Manfred G. Grabherr1, Brian J. Haas1, Moran Yassour1,2,3, Joshua Z. Levin1, Dawn A. Thompson1, Ido Amit1, Xian Adiconis1, Lin Fan1, Raktima Raychowdhury1, Qiandong Zeng1, Zehua Chen1, Evan Mauceli1, Nir Hacohen1, Andreas Gnirke1, Nicholas Rhind4, Federica di Palma1, Bruce W. Birren1, Chad Nusbaum1, Kerstin Lindblad-Toh1,5, Nir Friedman2,6, Aviv Regev1,3,7
15 May 2011
Massively-parallel cDNA sequencing has opened the way to deep and efficient probing of transcriptomes. Current approaches for transcript reconstruction from such data often rely on aligning reads to a reference genome, and are thus unsuitable for samples with a partial or missing reference genome. Here, we present the Trinity methodology for de novo full-length transcriptome reconstruction, and evaluate it on samples from fission yeast, mouse, and whitefly – an insect whose genome has not yet been sequenced.

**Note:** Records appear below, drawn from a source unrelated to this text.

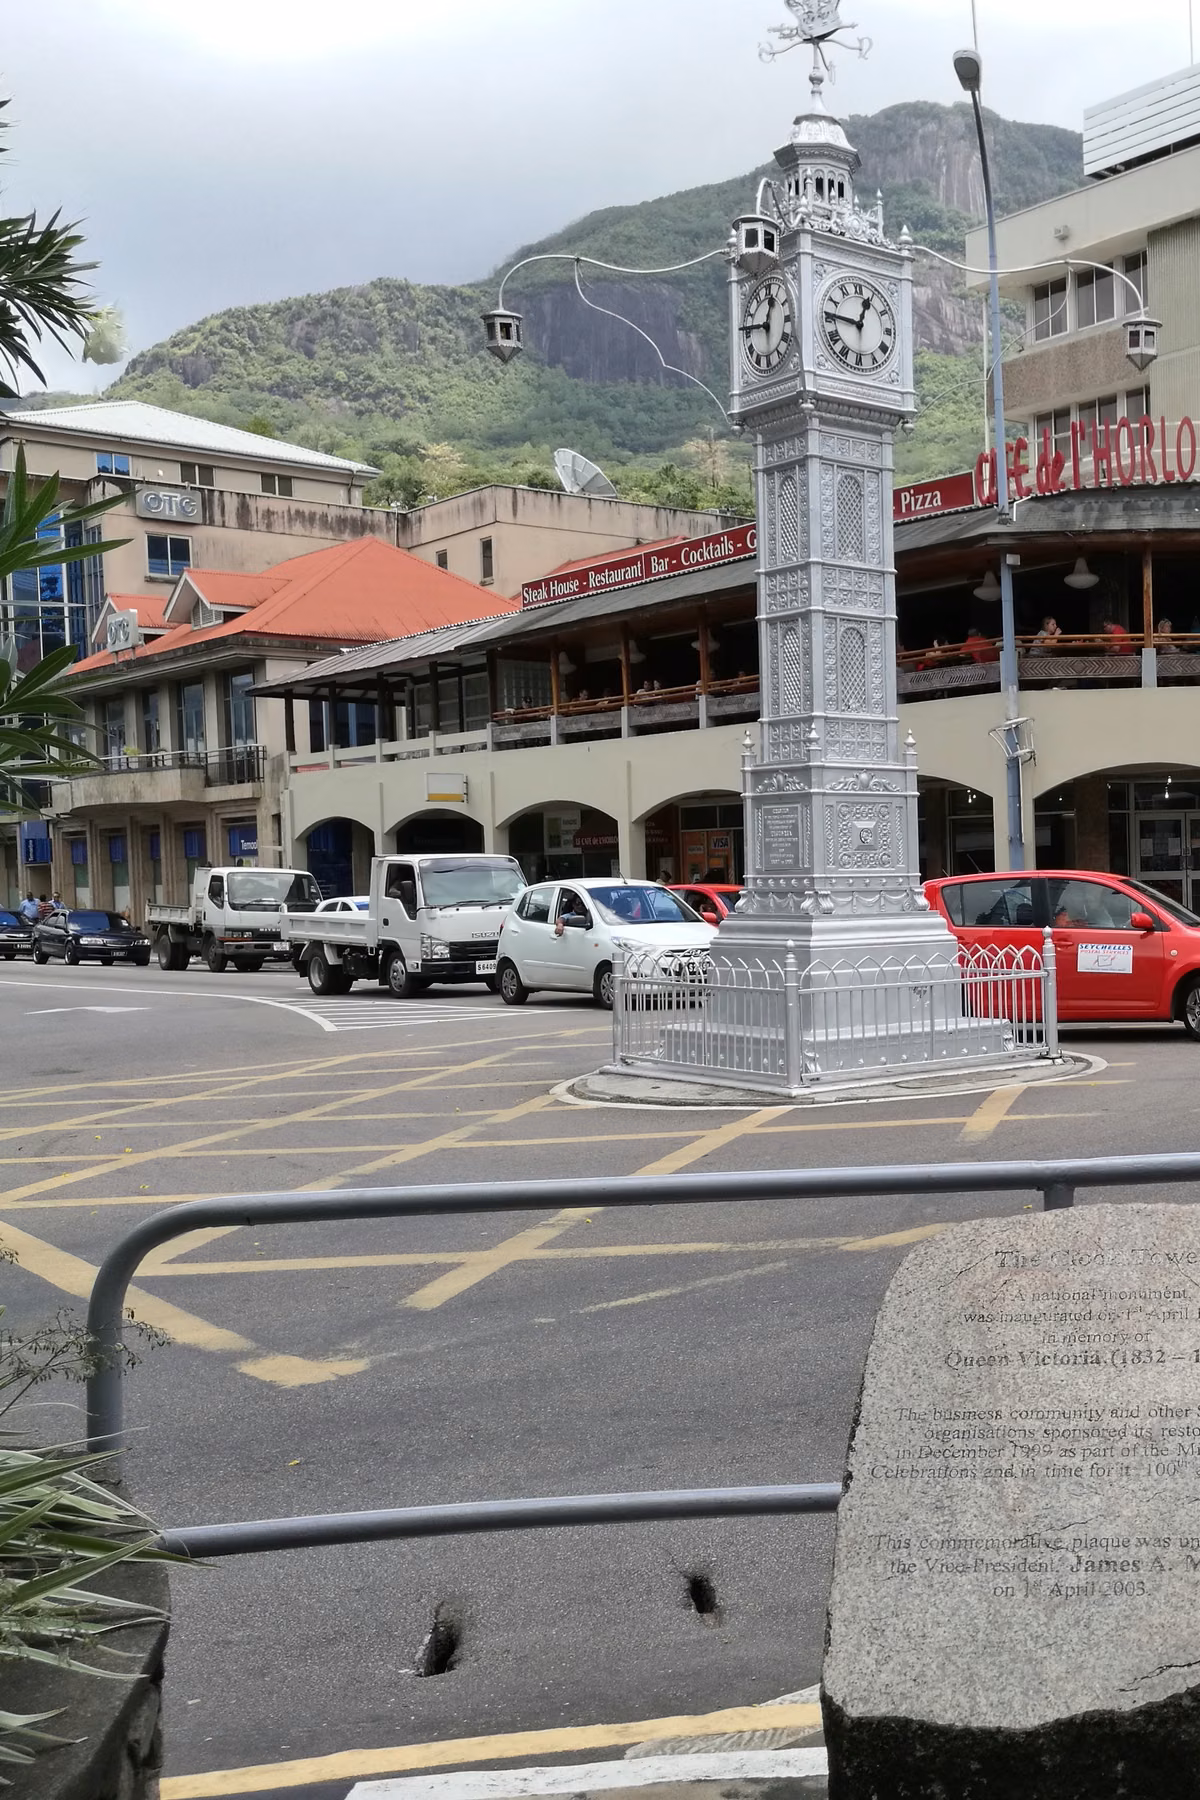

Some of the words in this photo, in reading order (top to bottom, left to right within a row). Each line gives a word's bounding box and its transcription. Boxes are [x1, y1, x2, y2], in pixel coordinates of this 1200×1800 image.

[142, 490, 198, 517] OTC
[901, 488, 942, 513] Pizza
[651, 556, 669, 574] Bar
[681, 535, 734, 566] Cocktails
[523, 582, 549, 604] Steak
[550, 579, 579, 598] House
[588, 561, 642, 588] Restaurant
[107, 617, 130, 646] OTC
[712, 837, 729, 848] VISA
[471, 931, 501, 939] ISUZU
[995, 1250, 1041, 1267] The
[1032, 1289, 1096, 1301] national
[964, 1313, 994, 1323] was
[1000, 1309, 1093, 1325] inaugurated
[1149, 1307, 1189, 1323] April
[1062, 1332, 1128, 1345] memory
[1134, 1329, 1153, 1343] of
[945, 1351, 1009, 1370] Queen
[895, 1407, 927, 1421] The
[933, 1407, 1003, 1421] business
[1010, 1405, 1105, 1422] community
[1110, 1405, 1140, 1419] and
[1148, 1404, 1191, 1419] other
[924, 1424, 1036, 1443] organisations
[1042, 1424, 1127, 1442] sponsored
[1134, 1423, 1153, 1438] its
[896, 1445, 912, 1459] in
[918, 1444, 1004, 1459] December
[1011, 1442, 1053, 1459] 1999
[1059, 1447, 1076, 1458] as
[1082, 1445, 1115, 1461] part
[1121, 1443, 1139, 1457] of
[1144, 1443, 1169, 1457] the
[870, 1463, 977, 1479] Celebrations
[983, 1464, 1015, 1479] and
[1020, 1465, 1036, 1478] in
[1045, 1463, 1083, 1478] time
[1089, 1462, 1112, 1477] for
[872, 1534, 911, 1549] This
[919, 1535, 1063, 1550] commemorative
[1072, 1533, 1130, 1552] plaque
[1135, 1536, 1171, 1549] was
[890, 1560, 917, 1574] the
[1070, 1554, 1141, 1573] James
[1149, 1555, 1173, 1572] A.
[993, 1584, 1015, 1597] on
[1049, 1581, 1095, 1600] April

Trinity fully reconstructs a large fraction of the transcripts present in the data, also reporting alternative splice isoforms and transcripts from recently duplicated genes. In all cases, Trinity performs better than other available de novo transcriptome assembly programs, and its sensitivity is comparable to methods relying on genome alignments. Our approach provides a unified and general solution for transcriptome reconstruction in any sample, especially in the complete absence of a reference genome.